Assignment -
Print the records below exactly. Omit every picture.
────────────────────
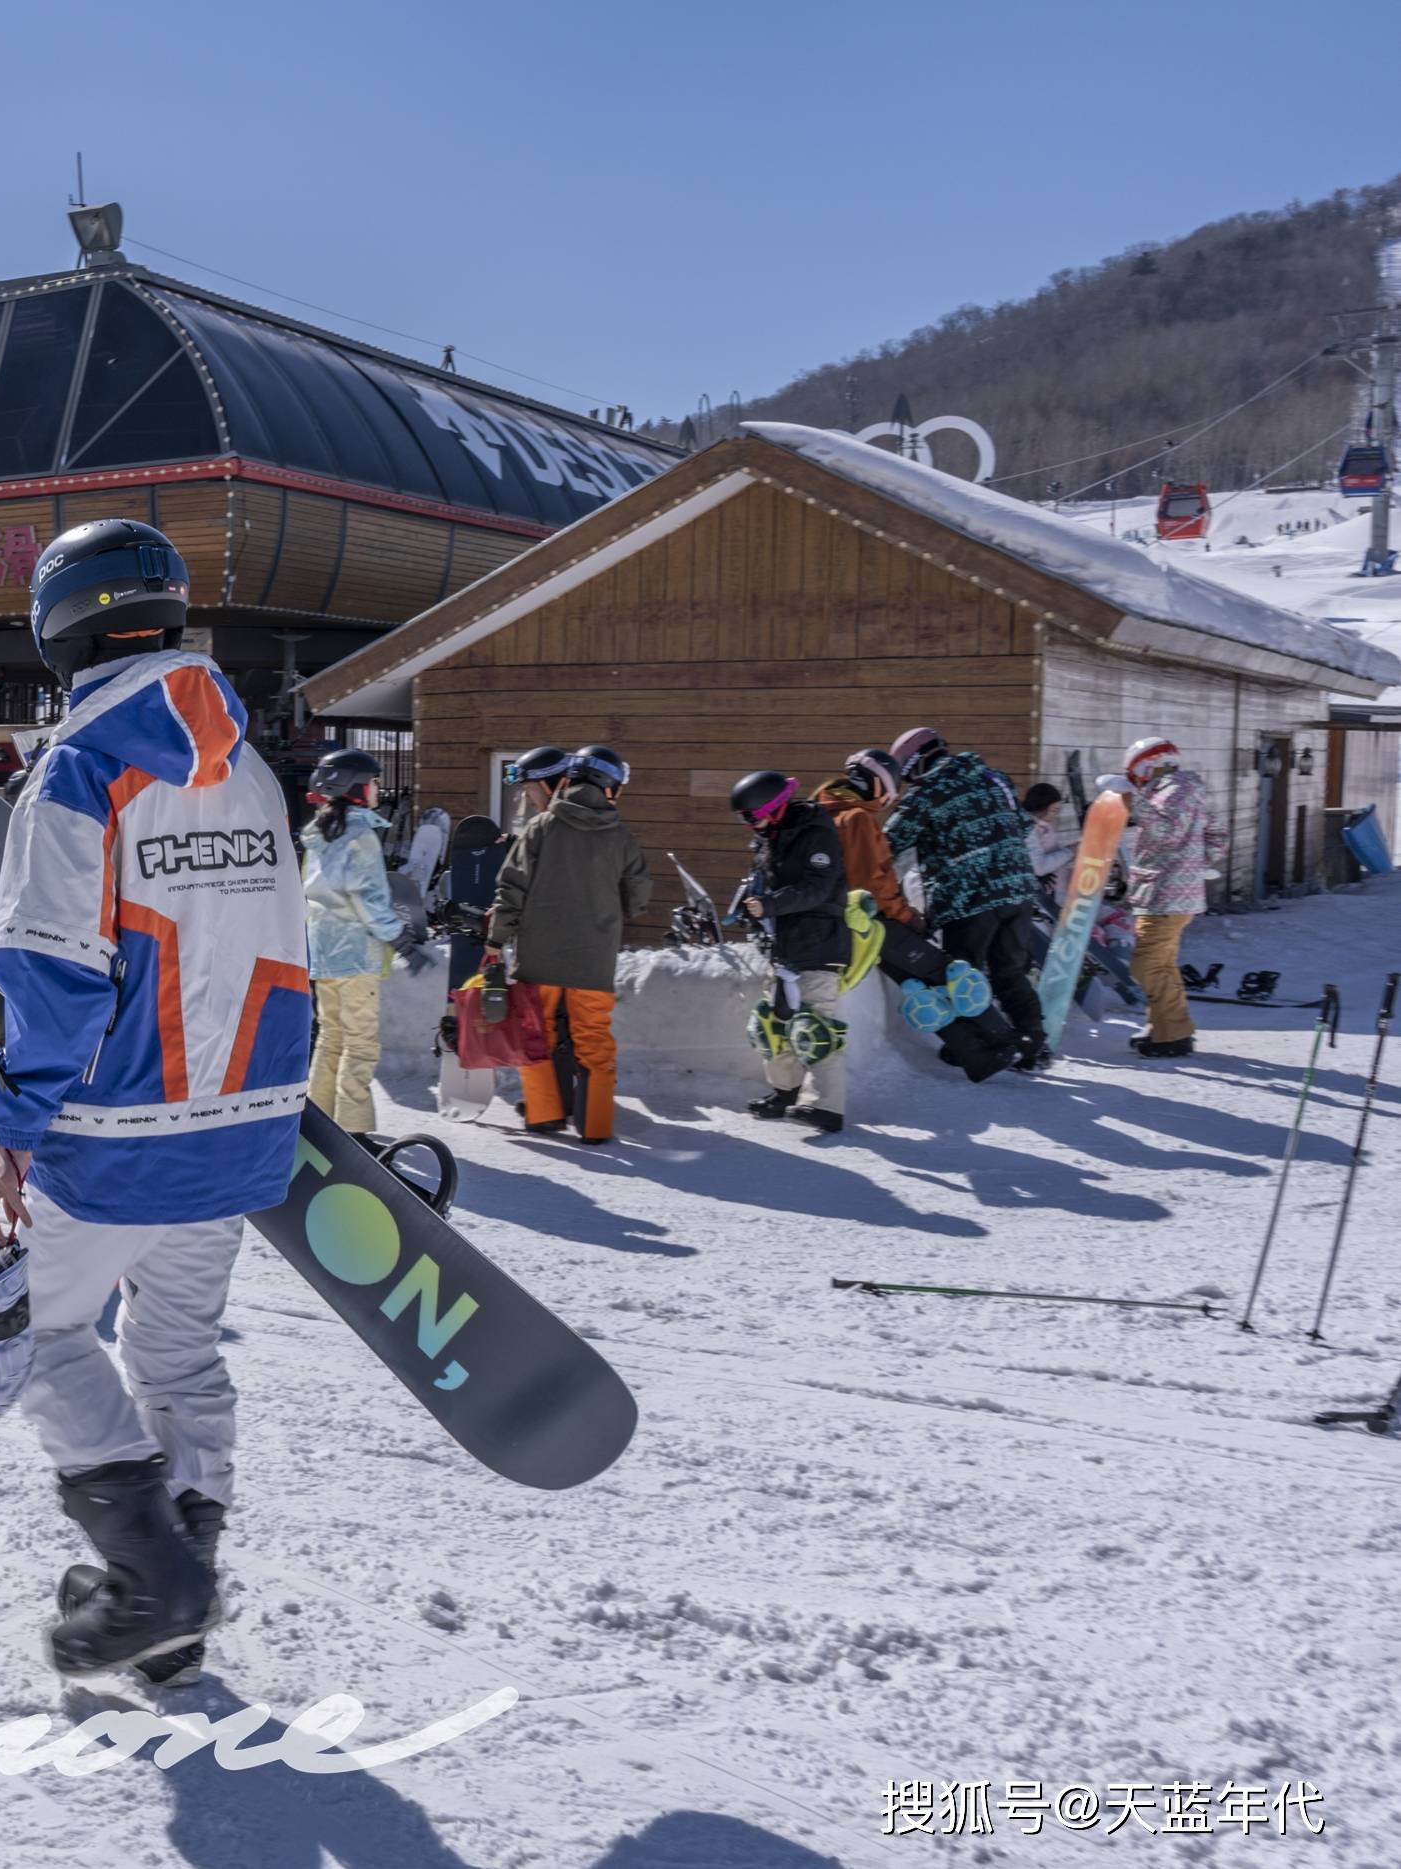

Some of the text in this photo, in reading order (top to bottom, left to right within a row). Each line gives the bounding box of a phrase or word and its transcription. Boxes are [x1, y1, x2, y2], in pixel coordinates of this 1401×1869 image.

[137, 829, 278, 880] PHENIX
[25, 928, 68, 944] PHENIX
[117, 1116, 158, 1125] PHENIX
[190, 1108, 223, 1119] PHENIX
[248, 1099, 275, 1109] PHENIX
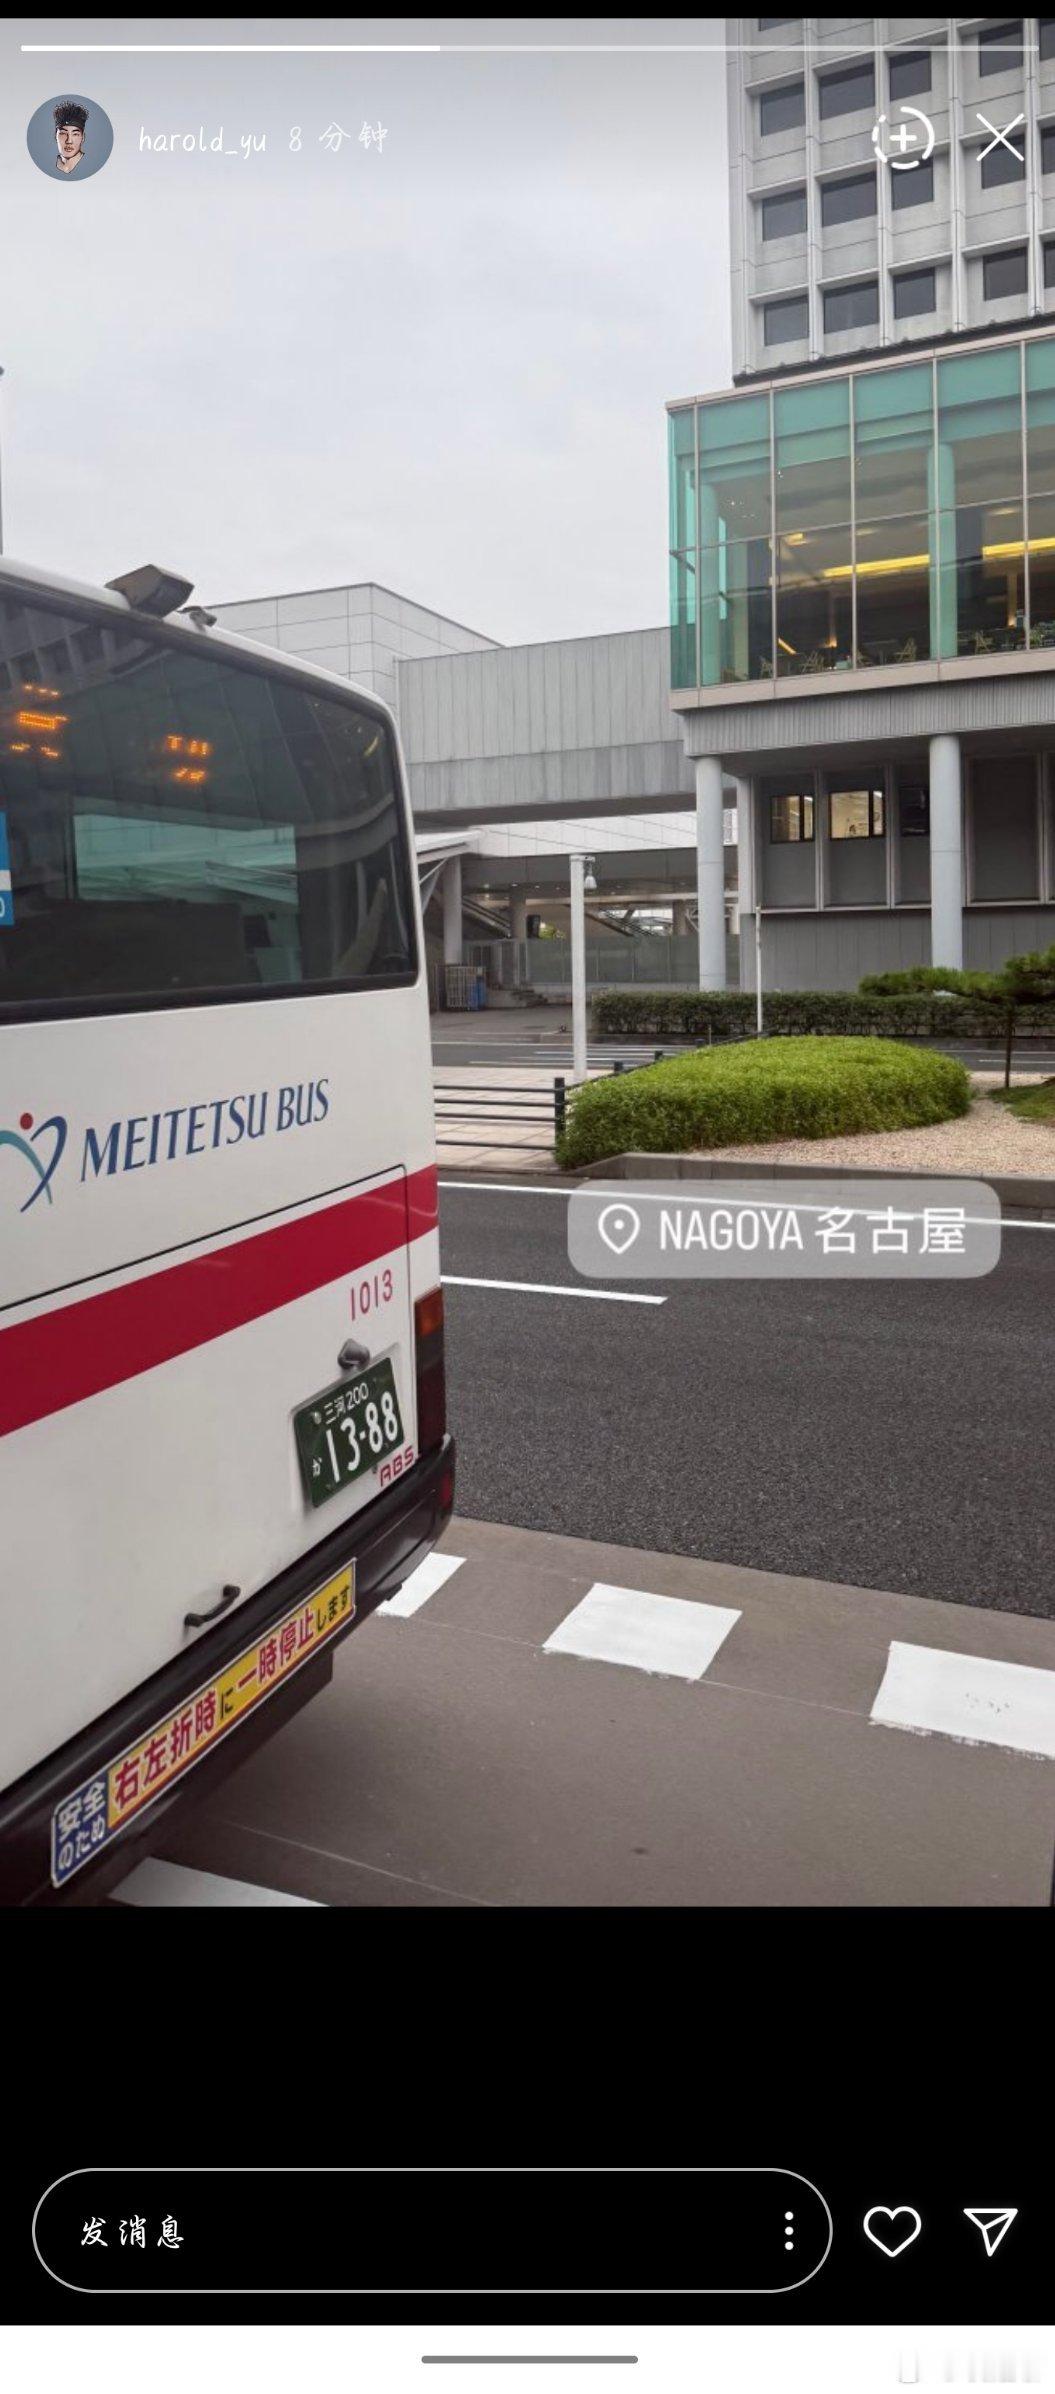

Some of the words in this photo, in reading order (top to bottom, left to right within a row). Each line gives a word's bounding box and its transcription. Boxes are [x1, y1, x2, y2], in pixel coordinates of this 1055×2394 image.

[80, 1091, 268, 1182] MEITETSU
[275, 1078, 329, 1131] BUS
[351, 1269, 393, 1321] 1013
[325, 1391, 398, 1483] 13-88
[380, 1445, 415, 1487] ABS
[58, 1781, 106, 1843] 安全
[58, 1815, 106, 1871] のため
────────────────────
Reply to the task -
Some of the text in this photo, in reading order (top to bottom, left to right within a row). Each line gives the bounding box of a phrase or word and its transcription. Boxes are [x1, y1, x2, y2], in pixel coordinates of this 1401×1869 image.

[137, 829, 278, 880] PHENIX
[25, 928, 68, 944] PHENIX
[117, 1116, 158, 1125] PHENIX
[190, 1108, 223, 1119] PHENIX
[248, 1099, 275, 1109] PHENIX

Some of the words in this photo, in reading order (top to bottom, left to right within a row). Each line gives a word's bounding box and its transcription. Boxes are [x1, y1, x2, y2], in pixel coordinates of this 1055×2394 image.

[80, 1091, 268, 1182] MEITETSU
[275, 1078, 329, 1131] BUS
[351, 1269, 393, 1321] 1013
[325, 1391, 398, 1483] 13-88
[380, 1445, 415, 1487] ABS
[58, 1781, 106, 1843] 安全
[58, 1815, 106, 1871] のため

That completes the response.